Se il cambio è epocale, richiede un ripensamento epocale, cioè una nuova visione, un nuovo approccio; è in gioco qualcosa che va oltre la “crisi” o l’“emergenza”.
Ci stanno dinanzi: la gravità della questione ambientale, con pesanti ricadute sulla vita del pianeta; a livello planetario, una democrazia a macchia di leopardo poiché in vaste aree del pianeta dominano le “autocrazie”, un potere assoluto senza un reale controllo e senza contrappesi.

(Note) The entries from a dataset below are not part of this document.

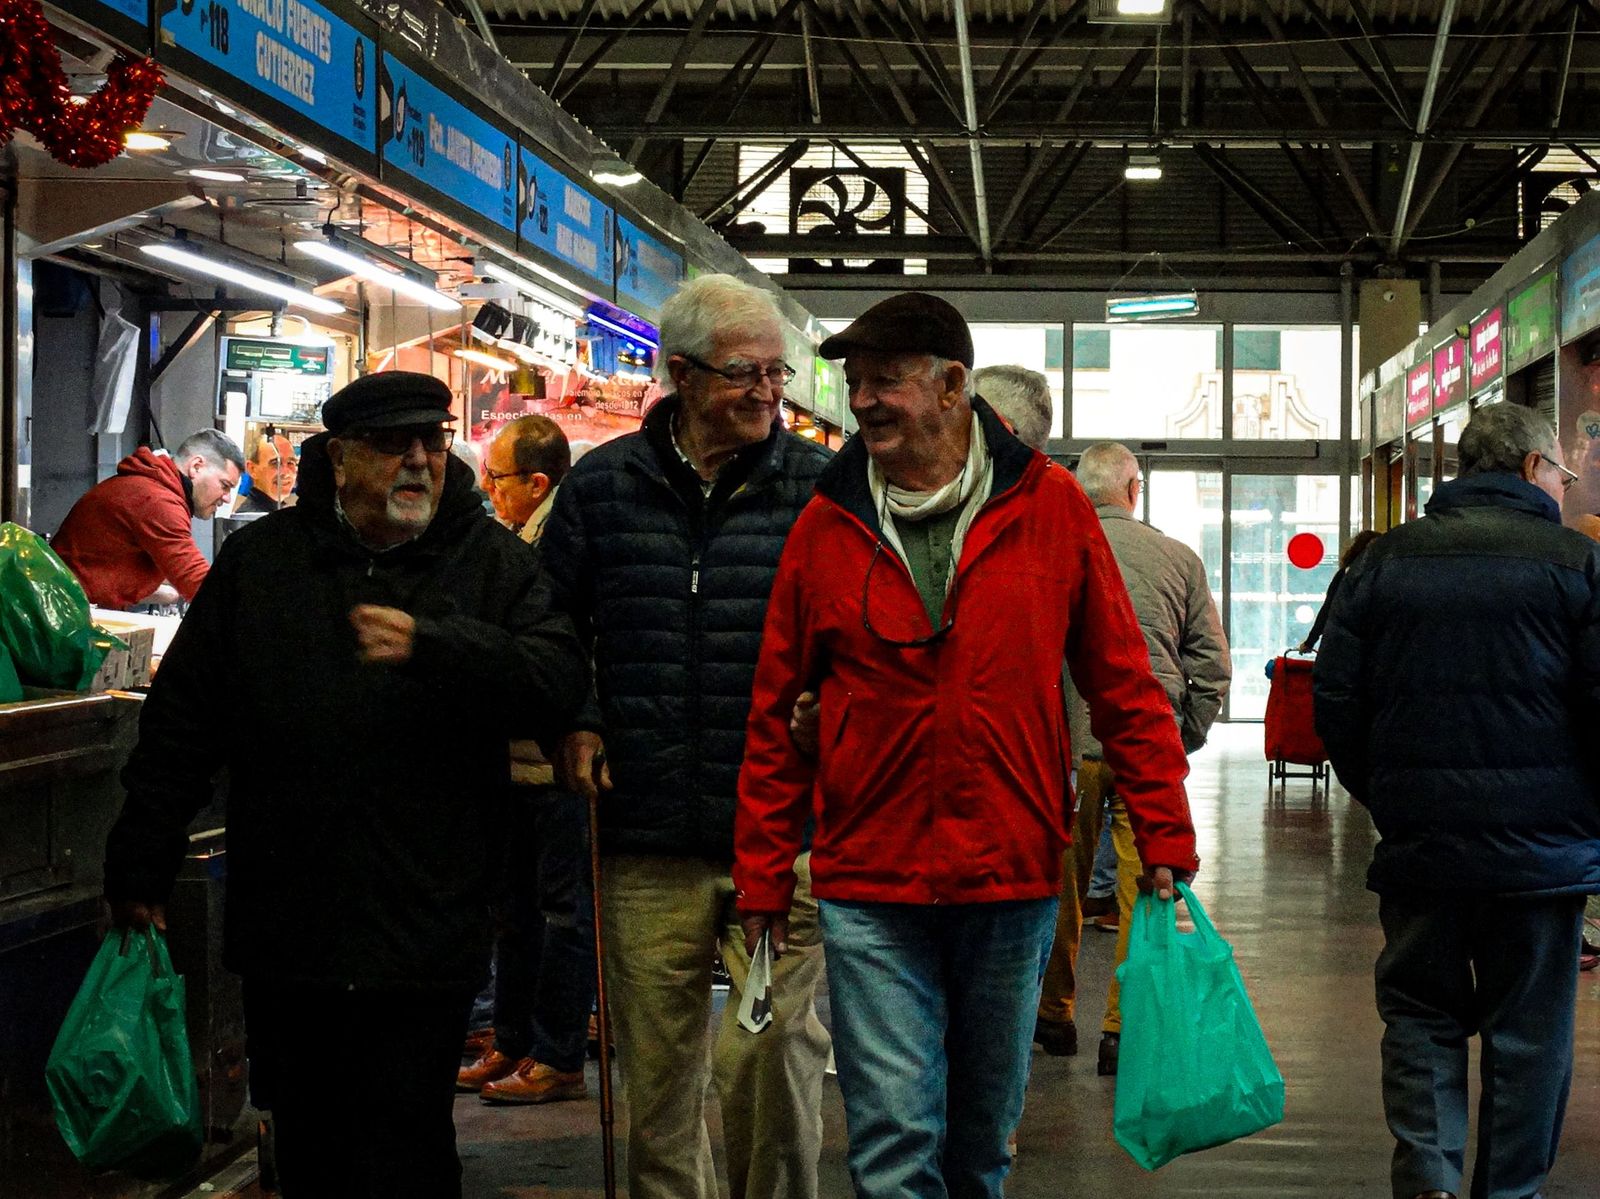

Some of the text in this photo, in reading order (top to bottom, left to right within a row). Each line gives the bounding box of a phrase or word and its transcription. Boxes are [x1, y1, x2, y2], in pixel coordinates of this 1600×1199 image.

[286, 0, 332, 64] FUENTES
[255, 30, 315, 106] GUTIERREZ
[567, 412, 582, 421] en
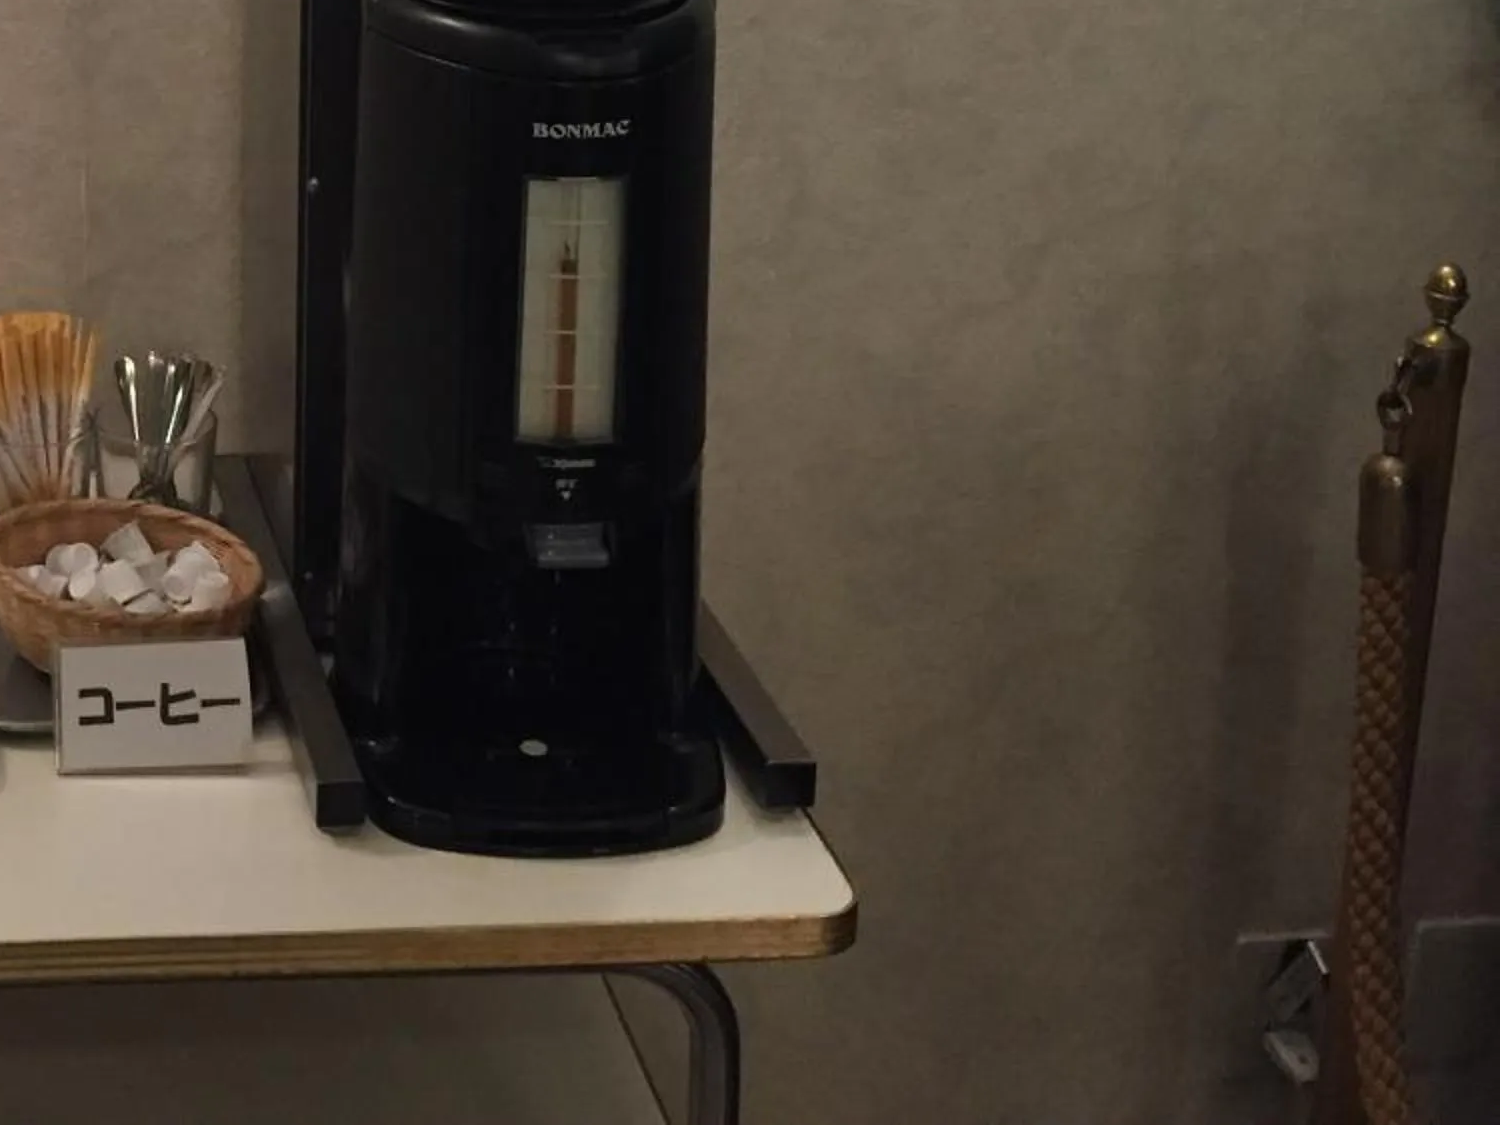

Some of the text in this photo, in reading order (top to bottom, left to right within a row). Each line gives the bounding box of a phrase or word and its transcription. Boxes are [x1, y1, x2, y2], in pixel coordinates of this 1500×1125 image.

[532, 118, 632, 139] BONMAC
[78, 682, 241, 726] コーヒー
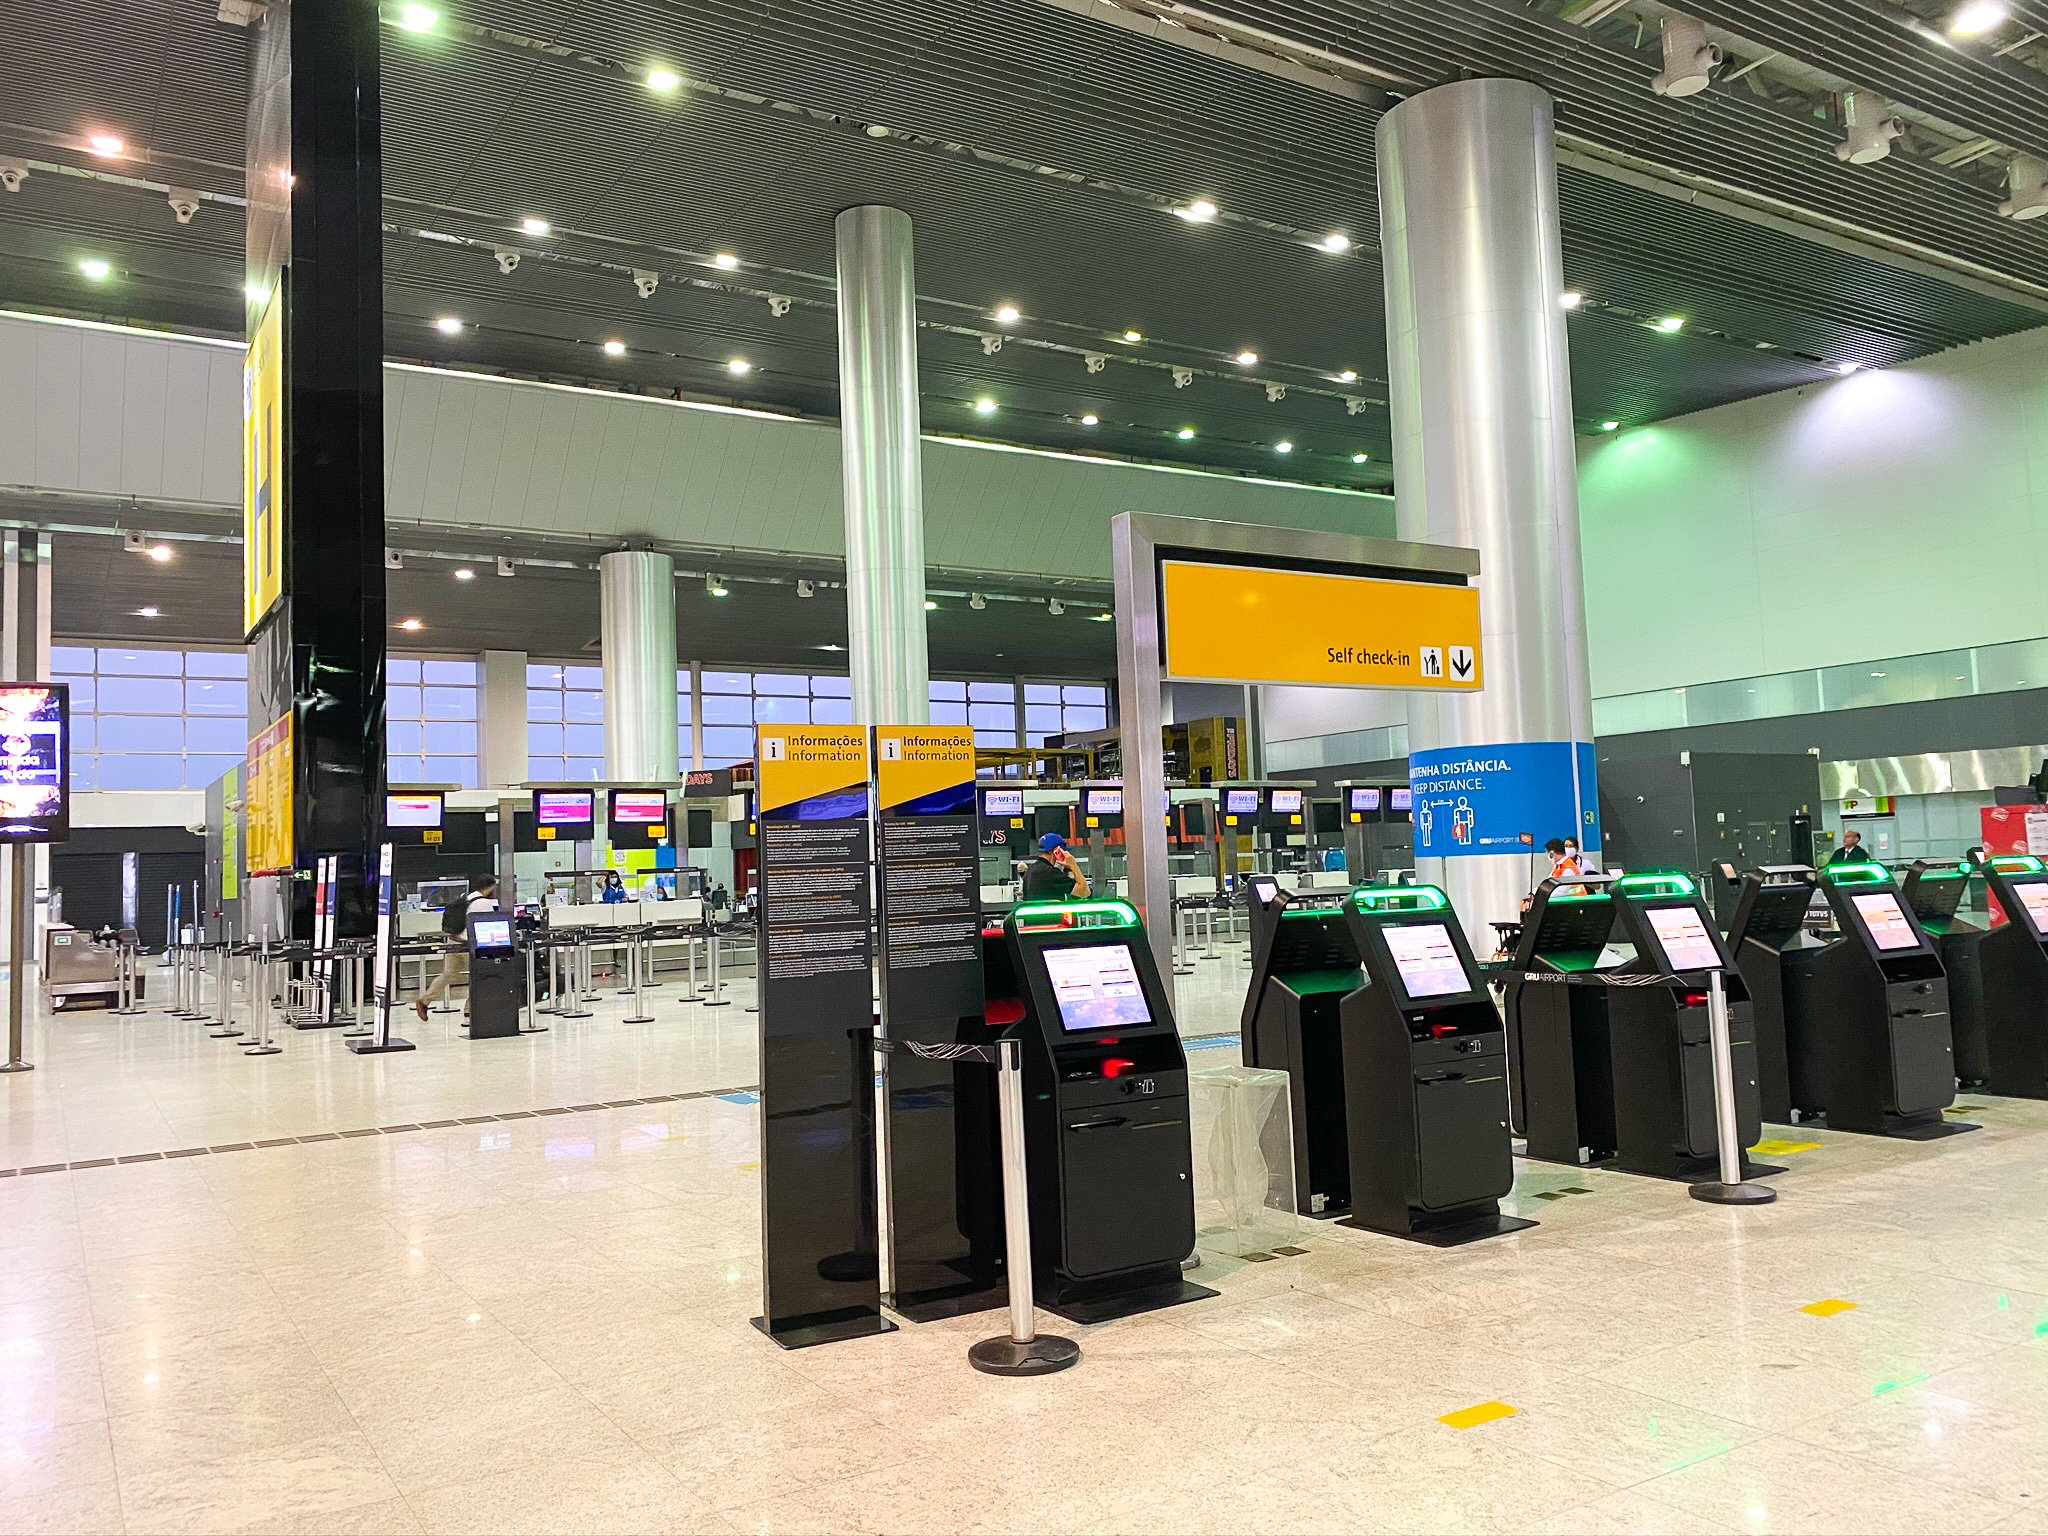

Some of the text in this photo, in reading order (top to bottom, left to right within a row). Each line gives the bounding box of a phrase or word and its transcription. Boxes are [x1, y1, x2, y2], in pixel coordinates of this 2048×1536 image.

[1327, 647, 1410, 666] Self check-in
[788, 735, 863, 749] Informações
[903, 735, 972, 749] Informações
[788, 750, 861, 761] Information
[903, 750, 970, 761] Information
[1442, 759, 1512, 774] DISTÂNCIA.
[1429, 778, 1486, 793] DISTANCE.
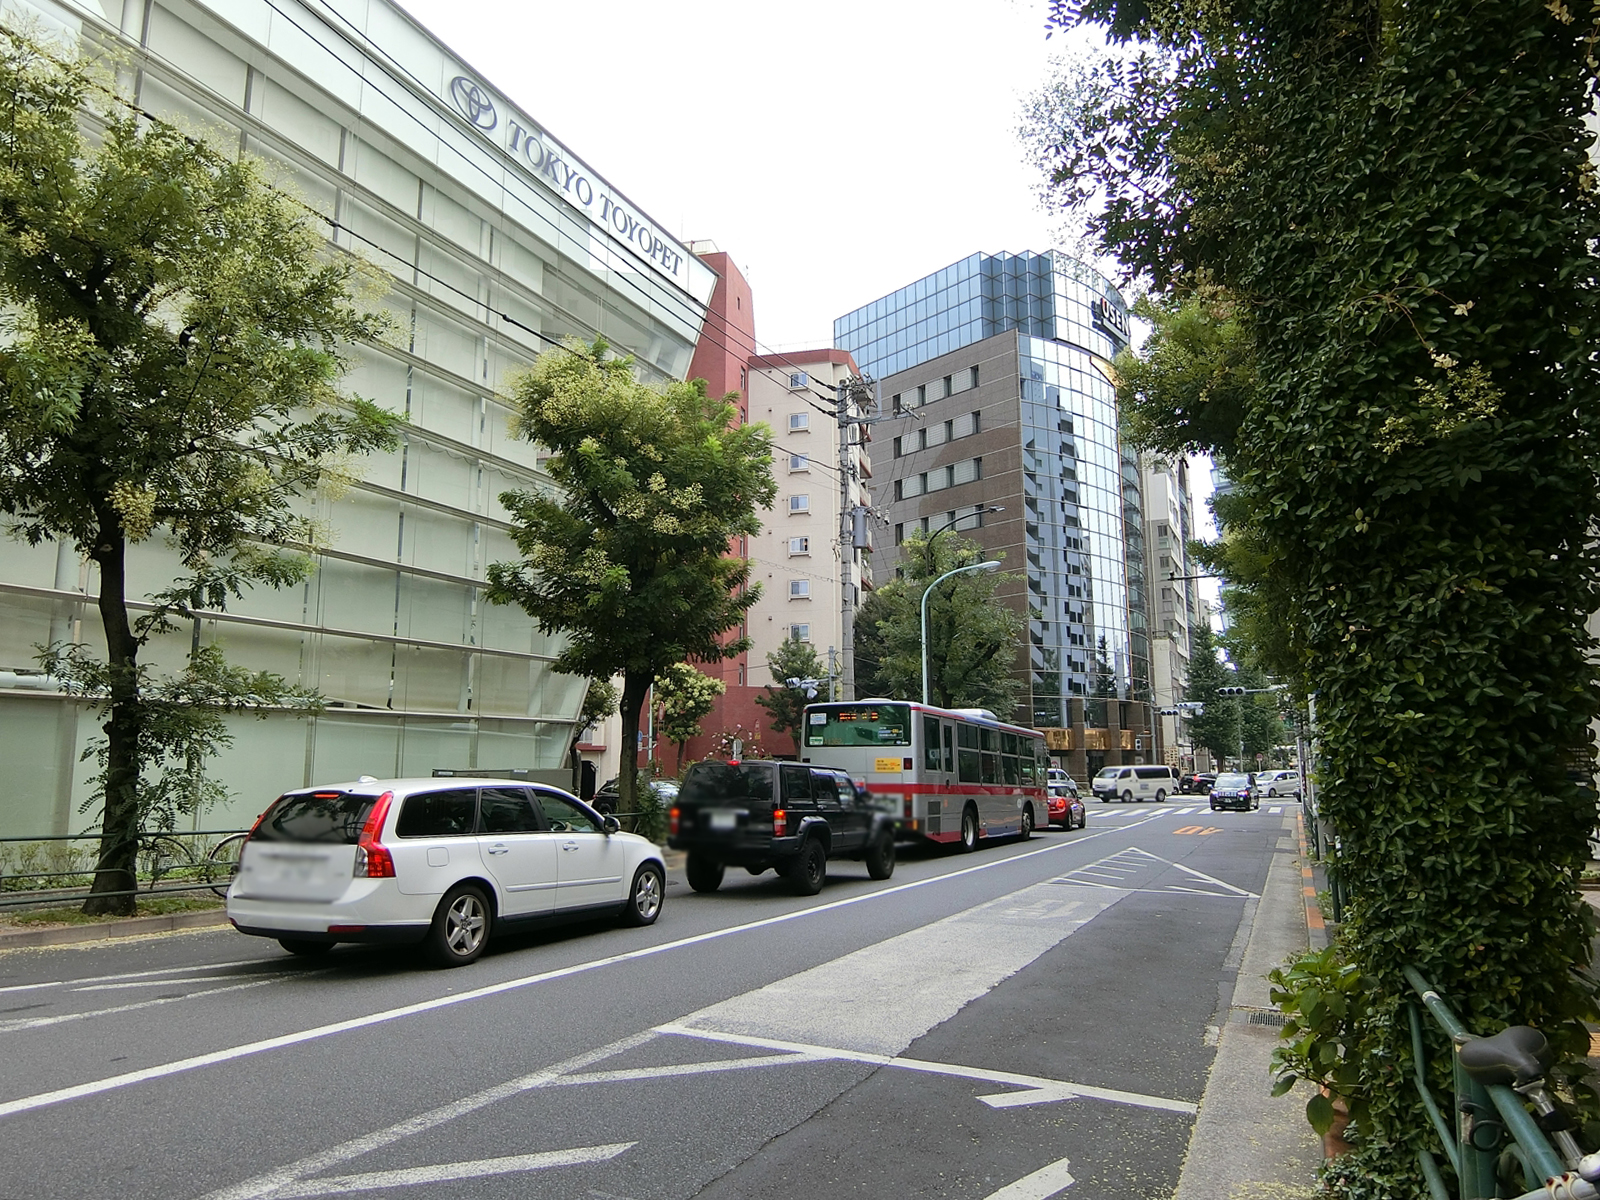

In Italia, dove la democrazia è realtà ben salda, preoccupa l’astensionismo: nelle ultime consultazioni politiche l’affluenza si è fermata al 64% (con un saldo negativo di quasi dieci punti rispetto alla consultazione precedente): un elettore su tre ha scelto di non andare a votare. È questo un segno che non può essere trascurato in quanto evidenzia che troppi cittadini non si sentono rappresentati dai partiti, almeno dagli attuali.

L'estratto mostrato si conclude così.